Resource Guides for the week of 1 June

What do these movies have in common? Argo, Armageddon, Die Hard, Toy Story, Black Hawk Down, Escape from New York, Aliens, Eight Below, True Lies, Taken, and Rescue 21? The title of the last film gives the answer away… these are all rescue movies. Some rescue family members, some soldiers, some friends, others rescue creatures, some rescue "innocents", some whole planets, and some rescue toys!

Some rescue stories employ the literary device, "deus ex machina" (Latin: "god from the machine"), where there is a sudden introduction of a character that rescues or resolves a story that would, otherwise, end tragically. The phrase comes from ancient Greek dramas where a machine is used to bring actors playing gods onto the stage. The machine could be either a crane used to lower actors from above or a riser that brought actors up through a trapdoor.  The Greek poet/playwright, Horace, admonished fellow creators they should never resort to a "god from the machine" to resolve their plots "unless a difficulty worthy of a god's unraveling should happen."

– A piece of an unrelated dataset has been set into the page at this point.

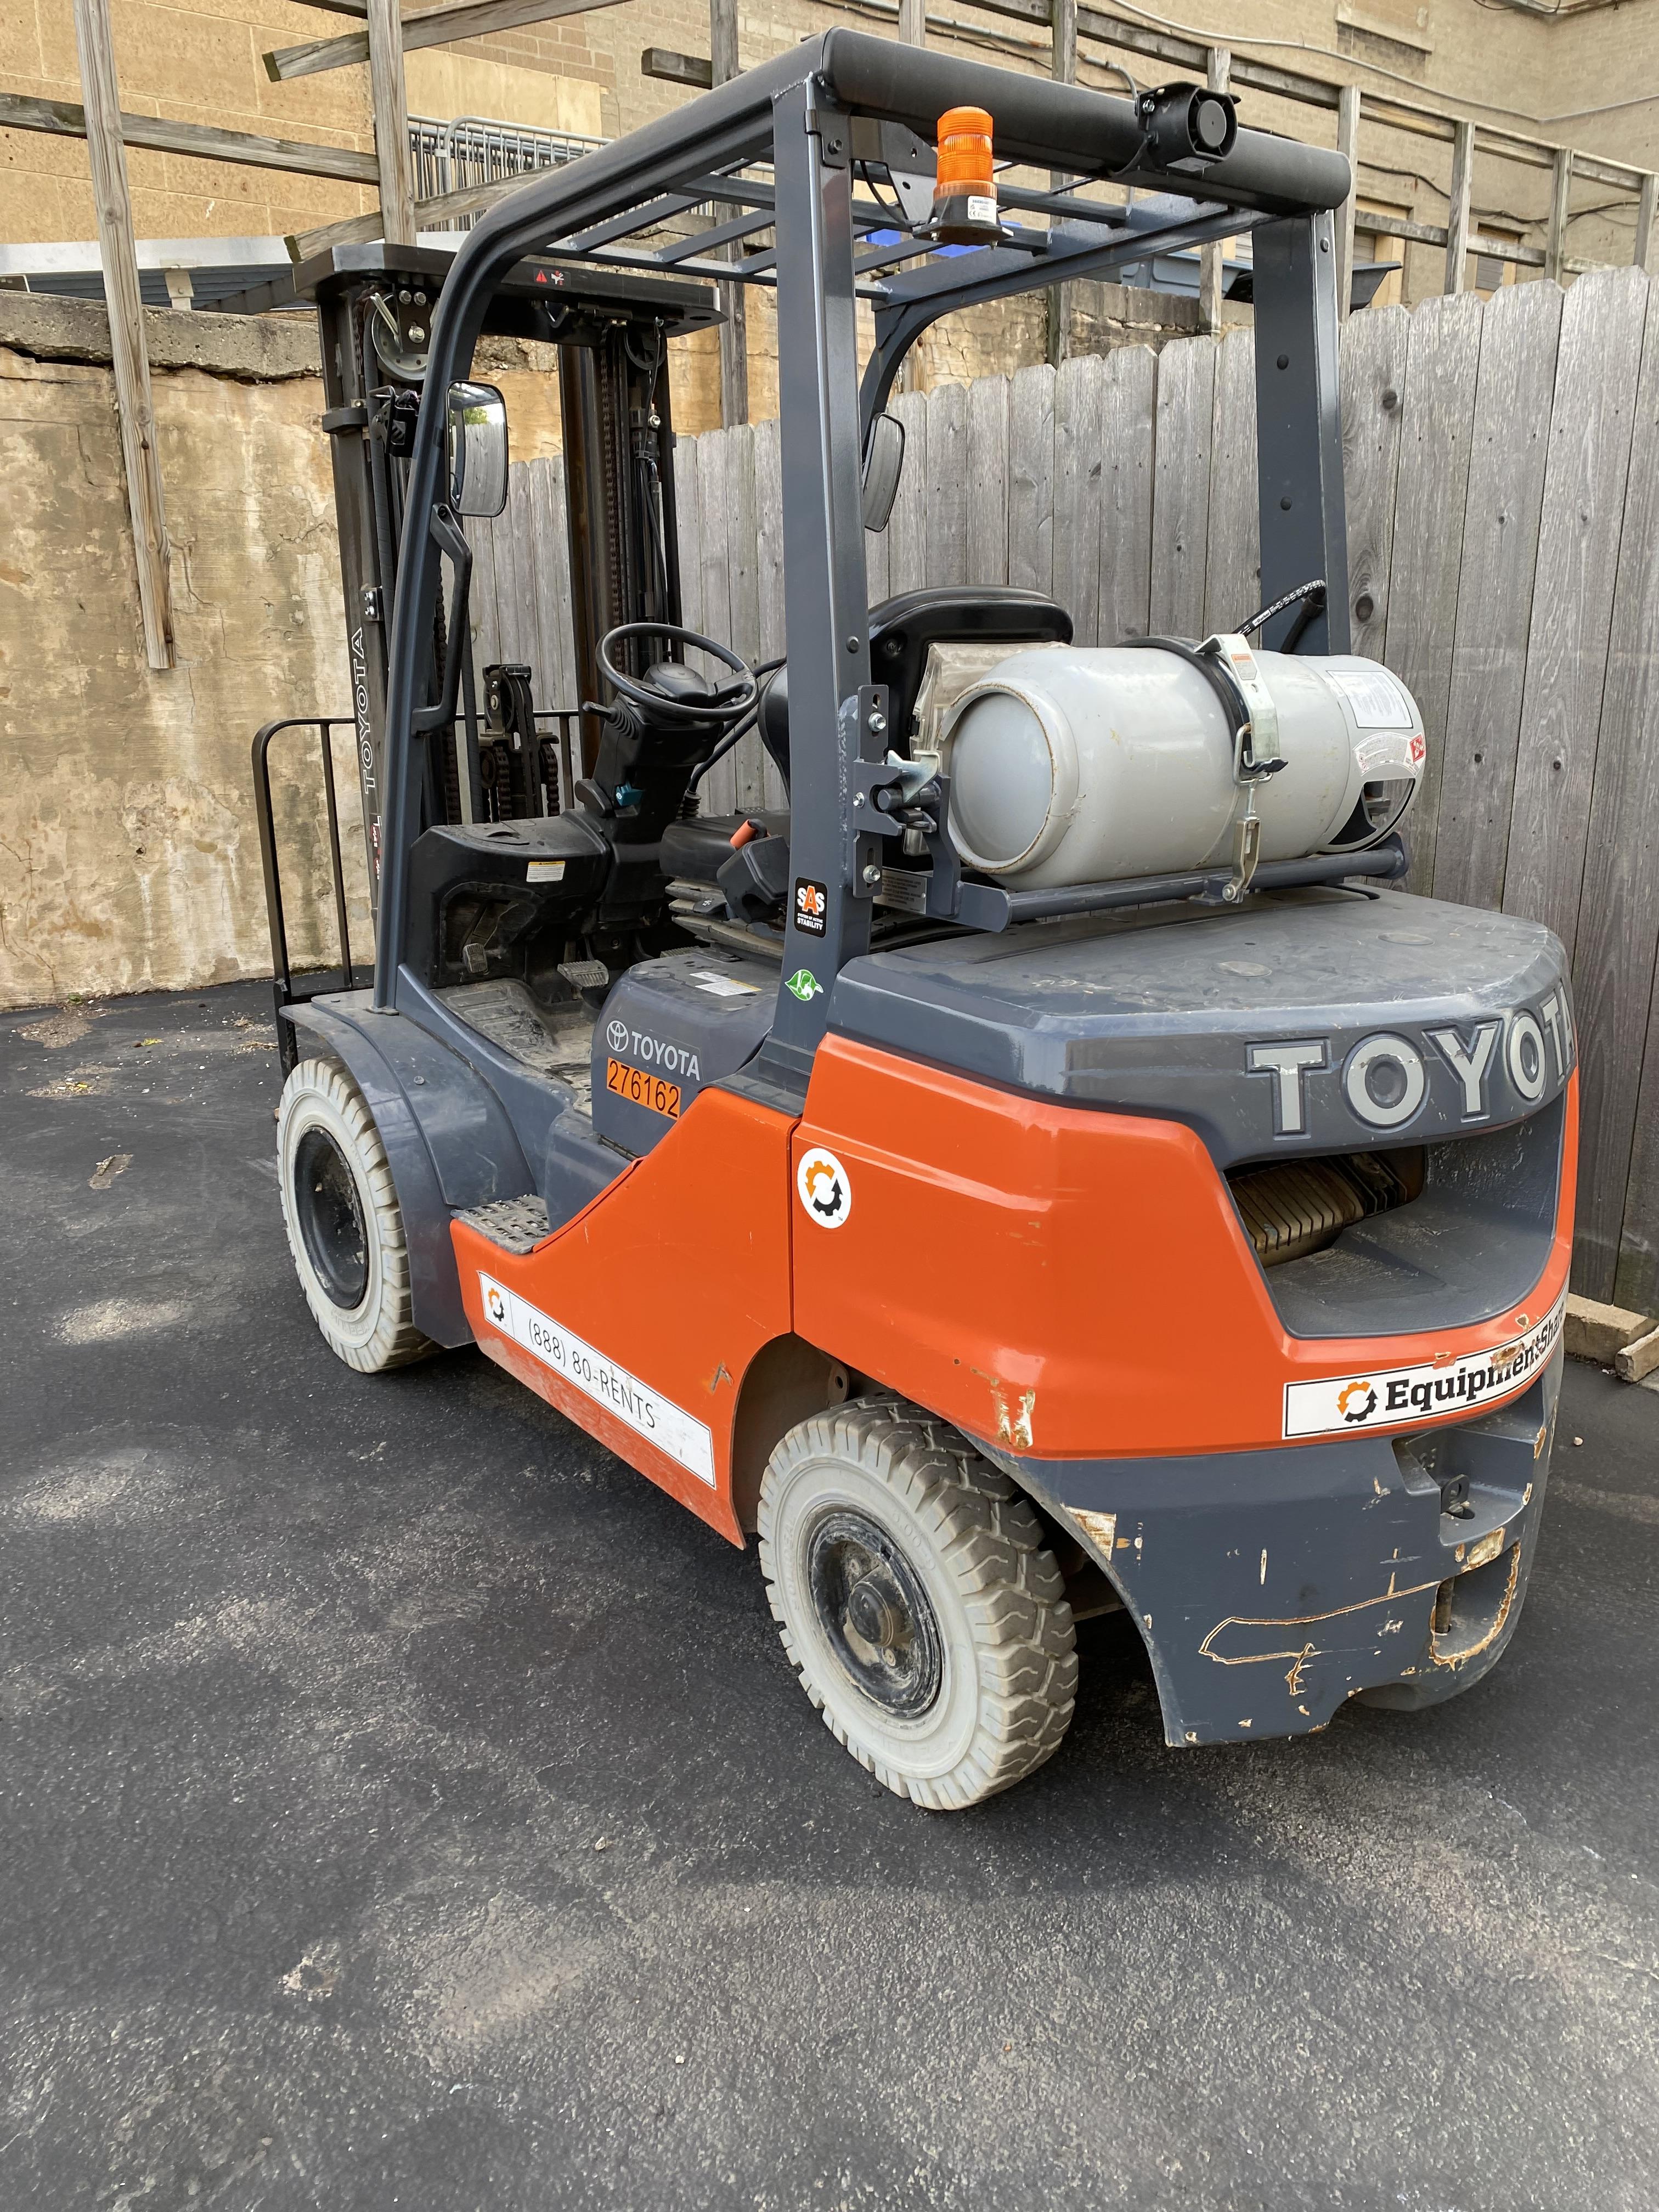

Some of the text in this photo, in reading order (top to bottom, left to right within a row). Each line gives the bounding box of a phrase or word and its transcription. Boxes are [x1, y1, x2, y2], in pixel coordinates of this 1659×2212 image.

Jesus IS the ultimate "deus ex machina" because the world faces a tragic "difficulty worthy of God's unraveling." Paul, in Romans, declares that all people have sinned against God. Gentiles have sinned by dishonoring the Creator and choosing idolatry. The Jew has sinned by dishonoring God, His Law, and their purpose as His people. He tells the story of a world captive to sin and careening towards a self-driven destruction that is inevitable given the trajectory of the story. But this story takes an unexpected turn when Paul announces, "But now… " (Romans 3.21). This story has a Redemptive Intruder who doesn't need a machine to lower Him or a crane to raise Him. Hallelujah! This is the Gospel and we are among the "characters" Jesus came to save!